▶ [TASK STATEMENT]: Every entry should come back exactly as written, minus the pictures.

Saved data entries:
_ _ _ _ _
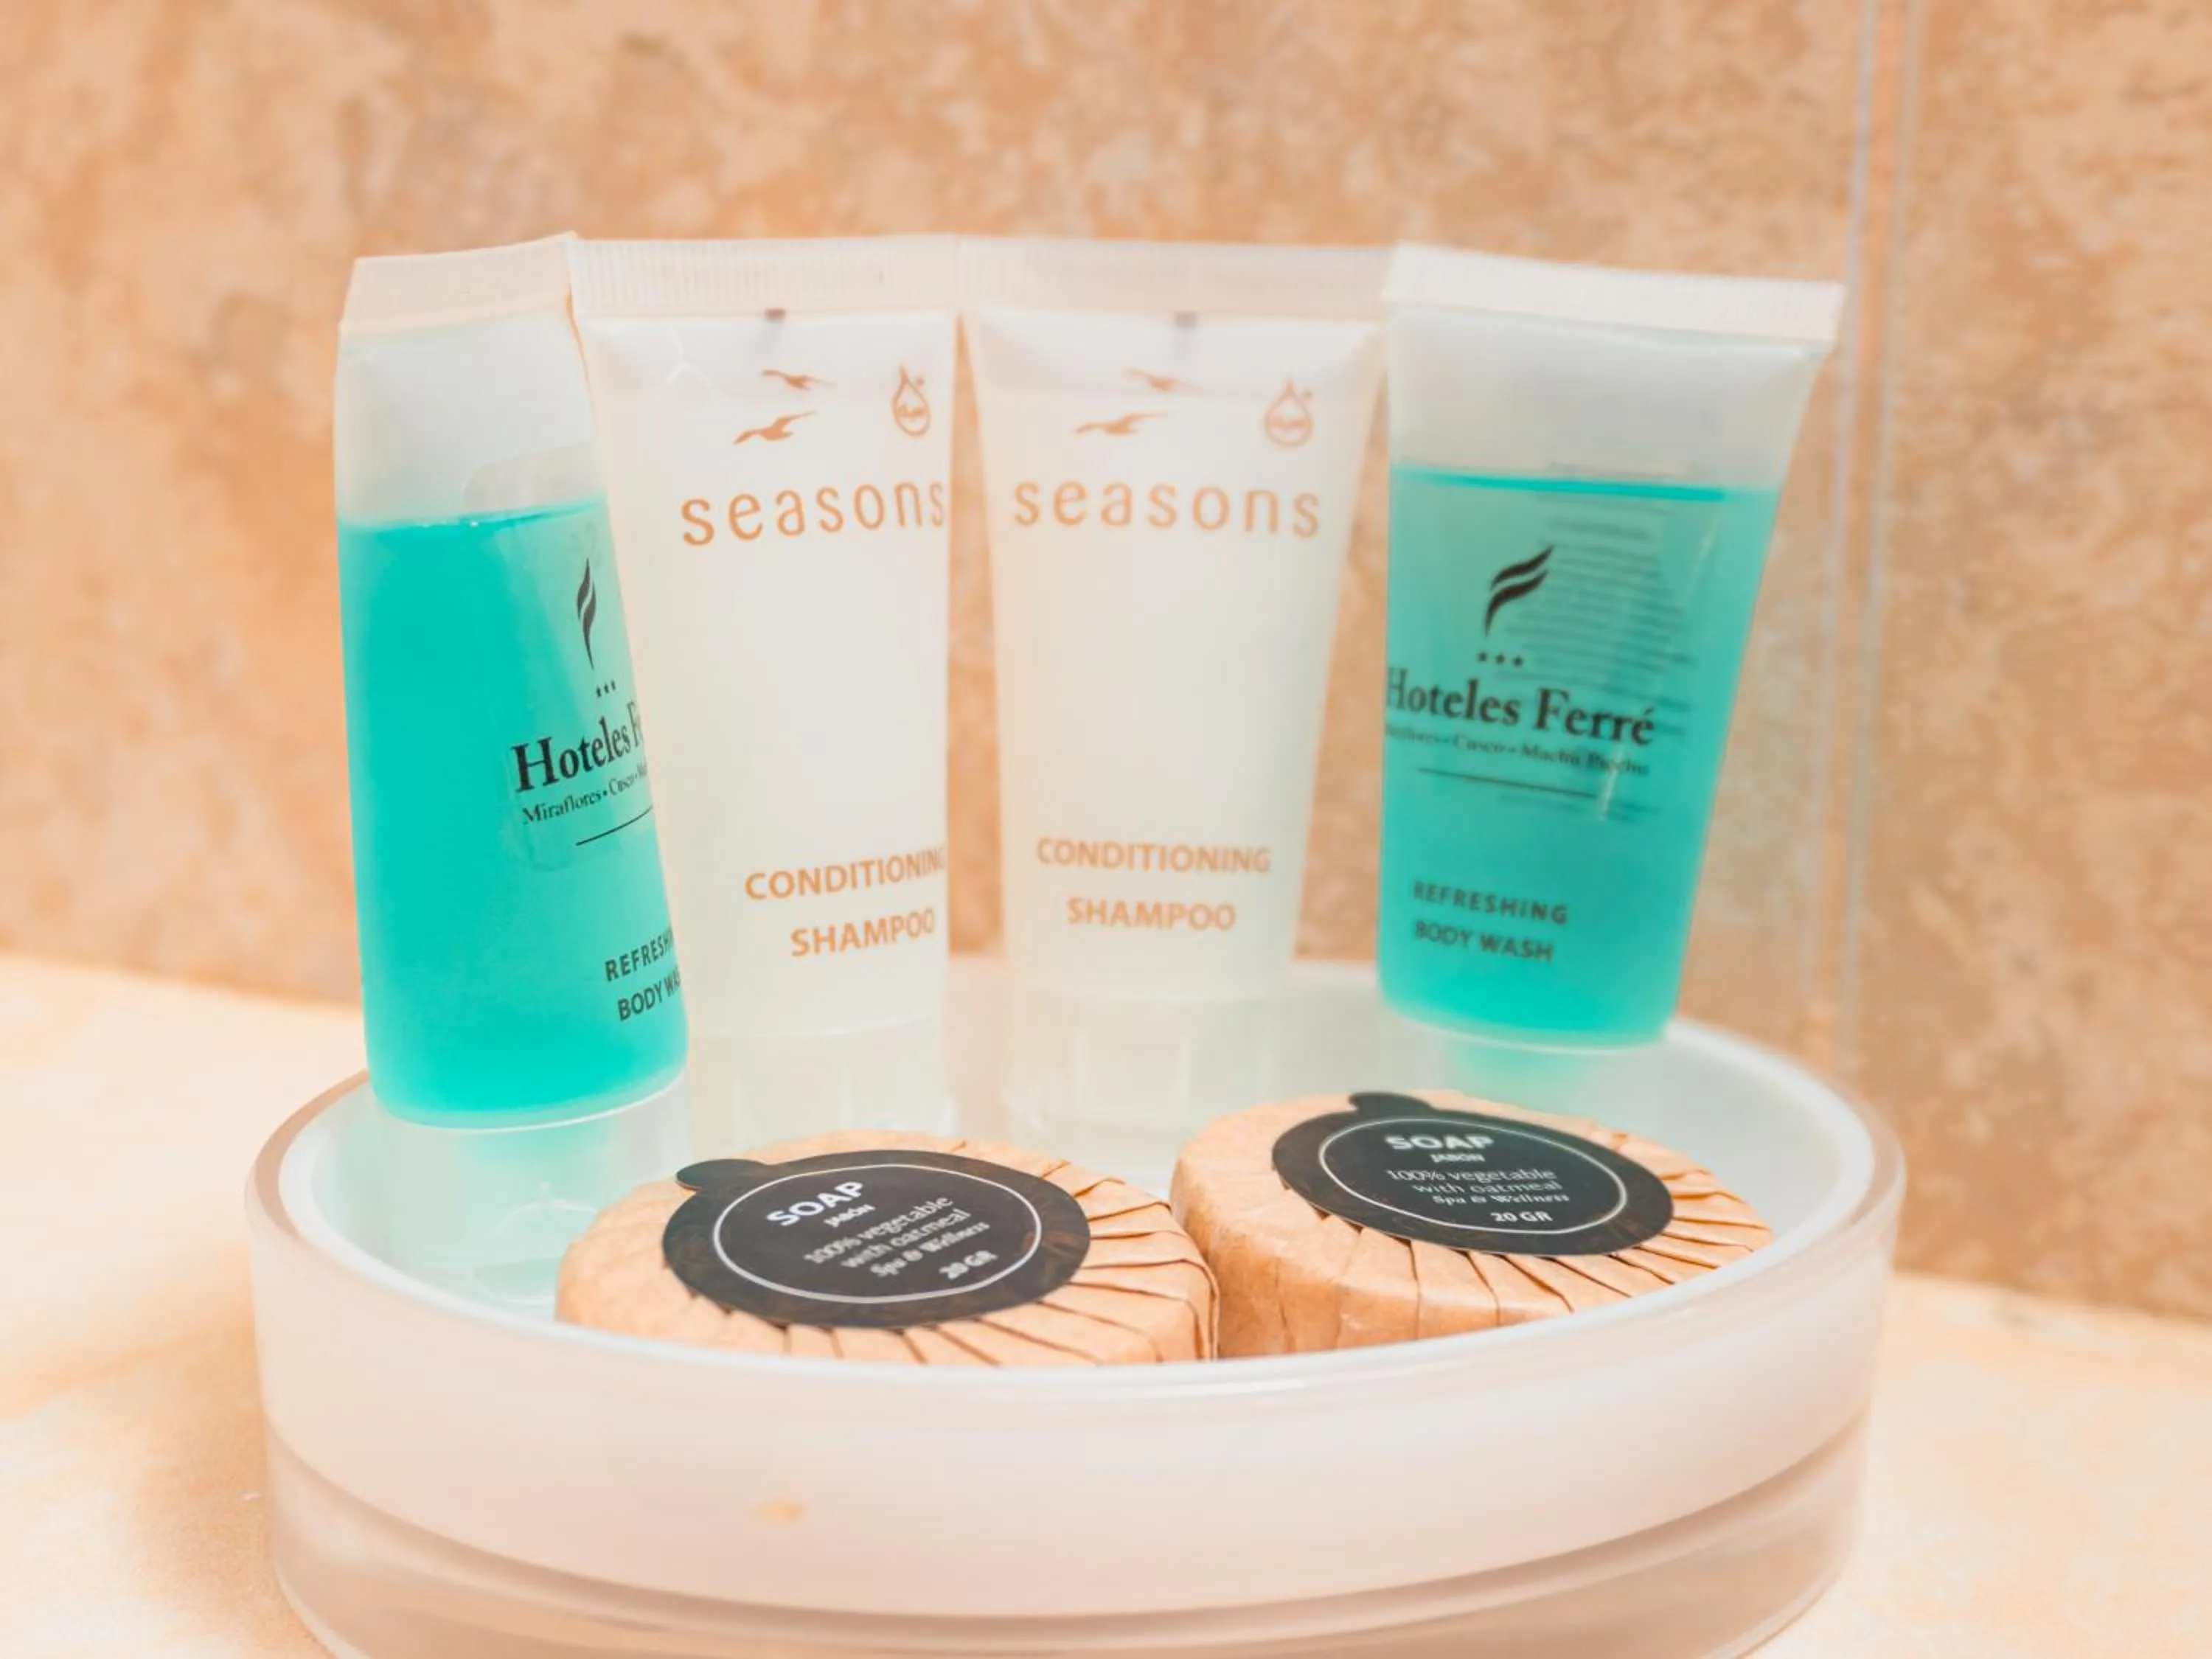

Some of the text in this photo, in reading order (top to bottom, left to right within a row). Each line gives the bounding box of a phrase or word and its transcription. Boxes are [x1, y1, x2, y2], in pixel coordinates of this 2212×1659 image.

[681, 481, 945, 546] seasons
[1013, 481, 1321, 539] seasons
[1386, 667, 1655, 747] Hoteles Ferré
[511, 716, 631, 793] Hoteles
[522, 791, 602, 824] Miraflores
[1036, 838, 1272, 873] CONDITIONING
[1066, 896, 1238, 931] SHAMPOO
[1413, 880, 1568, 926] REFRESHING
[790, 907, 935, 957] SHAMPOO
[1415, 919, 1554, 962] BODY WASH
[617, 981, 663, 1021] BODY
[1385, 1133, 1495, 1150] SOAP
[1386, 1169, 1558, 1183] 100% vegetable
[1411, 1181, 1563, 1194] with oatmeal
[767, 1181, 863, 1227] SOAP
[857, 1197, 954, 1240] vegetable
[1489, 1211, 1554, 1222] 20 GR
[889, 1208, 972, 1248] oatmeal
[939, 1262, 970, 1280] 20
_ _ _ _ _
▶ [RESPONSE BOX]:
Some of the text in this photo, in reading order (top to bottom, left to right within a row). Each line gives the bounding box of a phrase or word and its transcription. Boxes are [x1, y1, x2, y2], in pixel coordinates of this 2212×1659 image.

[681, 481, 945, 546] seasons
[1013, 481, 1321, 539] seasons
[1386, 667, 1655, 747] Hoteles Ferré
[511, 716, 631, 793] Hoteles
[522, 791, 602, 824] Miraflores
[1036, 838, 1272, 873] CONDITIONING
[1066, 896, 1238, 931] SHAMPOO
[1413, 880, 1568, 926] REFRESHING
[790, 907, 935, 957] SHAMPOO
[1415, 919, 1554, 962] BODY WASH
[617, 981, 663, 1021] BODY
[1385, 1133, 1495, 1150] SOAP
[1386, 1169, 1558, 1183] 100% vegetable
[1411, 1181, 1563, 1194] with oatmeal
[767, 1181, 863, 1227] SOAP
[857, 1197, 954, 1240] vegetable
[1489, 1211, 1554, 1222] 20 GR
[889, 1208, 972, 1248] oatmeal
[939, 1262, 970, 1280] 20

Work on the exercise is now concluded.